N-terminal heterogeneity of parenchymal and vascular amyloid-β deposits in Alzheimer's disease

Aims The deposition of amyloid-beta (A beta) peptides in the form of extracellular plaques in the brain represents one of the classical hallmarks of Alzheimer's disease (AD). In addition to 'full-length' A beta starting with aspartic acid (Asp-1), considerable amounts of various shorter, N-terminally truncated A beta peptides have been identified by mass spectrometry in autopsy samples from individuals with AD. Methods Selectivity of several antibodies detecting full-length, total or N-terminally truncated A beta species has been characterized with capillary isoelectric focusing assays using a set of synthetic A beta peptides comprising different N-termini.
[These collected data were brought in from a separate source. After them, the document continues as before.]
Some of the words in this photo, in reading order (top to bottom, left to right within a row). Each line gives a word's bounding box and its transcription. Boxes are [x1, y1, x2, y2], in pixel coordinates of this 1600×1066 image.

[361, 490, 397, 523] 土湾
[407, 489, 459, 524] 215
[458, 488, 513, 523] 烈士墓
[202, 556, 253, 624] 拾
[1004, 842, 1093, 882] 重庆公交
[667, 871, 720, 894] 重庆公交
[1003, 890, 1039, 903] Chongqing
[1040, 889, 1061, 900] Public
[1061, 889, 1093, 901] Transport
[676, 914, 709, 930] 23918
We further assessed the N-terminal heterogeneity of extracellular and vascular A beta peptide deposits in the human brain by performing immunohistochemical analyses using sporadic AD cases with antibodies targeting different N-terminal residues, including the biosimilar antibodies Bapineuzumab and Crenezumab. Results While antibodies selectively recognizing A beta(1-)(x)showed a much weaker staining of extracellular plaques and tended to accentuate cerebrovascular amyloid deposits, antibodies detecting A beta starting with phenylalanine at position 4 of the A beta sequence showed abundant amyloid plaque immunoreactivity in the brain parenchyma. The biosimilar antibody Bapineuzumab recognized A beta starting at Asp-1 and demonstrated abundant immunoreactivity in AD brains. Discussion In contrast to other studied A beta(1-)(x)-specific antibodies, Bapineuzumab displayed stronger immunoreactivity on fixed tissue samples than with sodium dodecyl sulfate-denatured samples on Western blots. This suggests conformational preferences of this antibody. The diverse composition of plaques and vascular deposits stresses the importance of understanding the roles of various A beta variants during disease development and progression in order to generate appropriate target-developed therapies.